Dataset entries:
-=-=-
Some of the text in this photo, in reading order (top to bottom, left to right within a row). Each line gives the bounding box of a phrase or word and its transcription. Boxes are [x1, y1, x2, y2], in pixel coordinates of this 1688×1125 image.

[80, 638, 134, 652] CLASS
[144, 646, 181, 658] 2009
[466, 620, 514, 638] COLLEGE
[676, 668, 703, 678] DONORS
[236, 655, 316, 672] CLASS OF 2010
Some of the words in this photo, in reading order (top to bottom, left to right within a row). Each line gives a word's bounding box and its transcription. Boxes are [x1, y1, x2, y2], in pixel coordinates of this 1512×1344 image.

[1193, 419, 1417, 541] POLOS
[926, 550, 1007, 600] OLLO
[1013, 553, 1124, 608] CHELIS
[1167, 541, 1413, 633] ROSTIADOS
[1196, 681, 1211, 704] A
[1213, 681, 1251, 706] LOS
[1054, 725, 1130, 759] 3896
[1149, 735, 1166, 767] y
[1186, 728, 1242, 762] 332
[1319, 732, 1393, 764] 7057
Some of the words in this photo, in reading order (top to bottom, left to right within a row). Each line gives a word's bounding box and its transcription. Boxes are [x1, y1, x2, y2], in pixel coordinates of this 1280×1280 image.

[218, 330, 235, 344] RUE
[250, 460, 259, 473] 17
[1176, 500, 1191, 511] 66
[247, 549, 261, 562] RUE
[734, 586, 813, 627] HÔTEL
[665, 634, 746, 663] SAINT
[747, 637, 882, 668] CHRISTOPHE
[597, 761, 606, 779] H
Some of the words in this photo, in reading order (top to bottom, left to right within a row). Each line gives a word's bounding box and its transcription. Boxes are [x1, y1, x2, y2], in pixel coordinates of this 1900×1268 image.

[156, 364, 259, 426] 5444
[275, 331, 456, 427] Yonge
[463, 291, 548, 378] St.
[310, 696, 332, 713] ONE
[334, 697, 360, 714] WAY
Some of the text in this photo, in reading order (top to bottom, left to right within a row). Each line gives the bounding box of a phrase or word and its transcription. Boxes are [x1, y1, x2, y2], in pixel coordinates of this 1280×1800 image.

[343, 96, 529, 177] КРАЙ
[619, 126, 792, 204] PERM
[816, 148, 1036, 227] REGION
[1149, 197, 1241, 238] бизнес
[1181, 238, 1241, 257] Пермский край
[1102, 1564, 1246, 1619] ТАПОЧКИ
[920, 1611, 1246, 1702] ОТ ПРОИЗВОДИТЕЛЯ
-=-=-
WHAT TO WORK ON: Would you please give all of the entries above once more, exactly as they are?

EXPECTED OUTPUT:
Some of the text in this photo, in reading order (top to bottom, left to right within a row). Each line gives the bounding box of a phrase or word and its transcription. Boxes are [x1, y1, x2, y2], in pixel coordinates of this 1688×1125 image.

[80, 638, 134, 652] CLASS
[144, 646, 181, 658] 2009
[466, 620, 514, 638] COLLEGE
[676, 668, 703, 678] DONORS
[236, 655, 316, 672] CLASS OF 2010
Some of the words in this photo, in reading order (top to bottom, left to right within a row). Each line gives a word's bounding box and its transcription. Boxes are [x1, y1, x2, y2], in pixel coordinates of this 1512×1344 image.

[1193, 419, 1417, 541] POLOS
[926, 550, 1007, 600] OLLO
[1013, 553, 1124, 608] CHELIS
[1167, 541, 1413, 633] ROSTIADOS
[1196, 681, 1211, 704] A
[1213, 681, 1251, 706] LOS
[1054, 725, 1130, 759] 3896
[1149, 735, 1166, 767] y
[1186, 728, 1242, 762] 332
[1319, 732, 1393, 764] 7057
Some of the words in this photo, in reading order (top to bottom, left to right within a row). Each line gives a word's bounding box and its transcription. Boxes are [x1, y1, x2, y2], in pixel coordinates of this 1280×1280 image.

[218, 330, 235, 344] RUE
[250, 460, 259, 473] 17
[1176, 500, 1191, 511] 66
[247, 549, 261, 562] RUE
[734, 586, 813, 627] HÔTEL
[665, 634, 746, 663] SAINT
[747, 637, 882, 668] CHRISTOPHE
[597, 761, 606, 779] H
Some of the words in this photo, in reading order (top to bottom, left to right within a row). Each line gives a word's bounding box and its transcription. Boxes are [x1, y1, x2, y2], in pixel coordinates of this 1900×1268 image.

[156, 364, 259, 426] 5444
[275, 331, 456, 427] Yonge
[463, 291, 548, 378] St.
[310, 696, 332, 713] ONE
[334, 697, 360, 714] WAY
Some of the text in this photo, in reading order (top to bottom, left to right within a row). Each line gives the bounding box of a phrase or word and its transcription. Boxes are [x1, y1, x2, y2], in pixel coordinates of this 1280×1800 image.

[343, 96, 529, 177] КРАЙ
[619, 126, 792, 204] PERM
[816, 148, 1036, 227] REGION
[1149, 197, 1241, 238] бизнес
[1181, 238, 1241, 257] Пермский край
[1102, 1564, 1246, 1619] ТАПОЧКИ
[920, 1611, 1246, 1702] ОТ ПРОИЗВОДИТЕЛЯ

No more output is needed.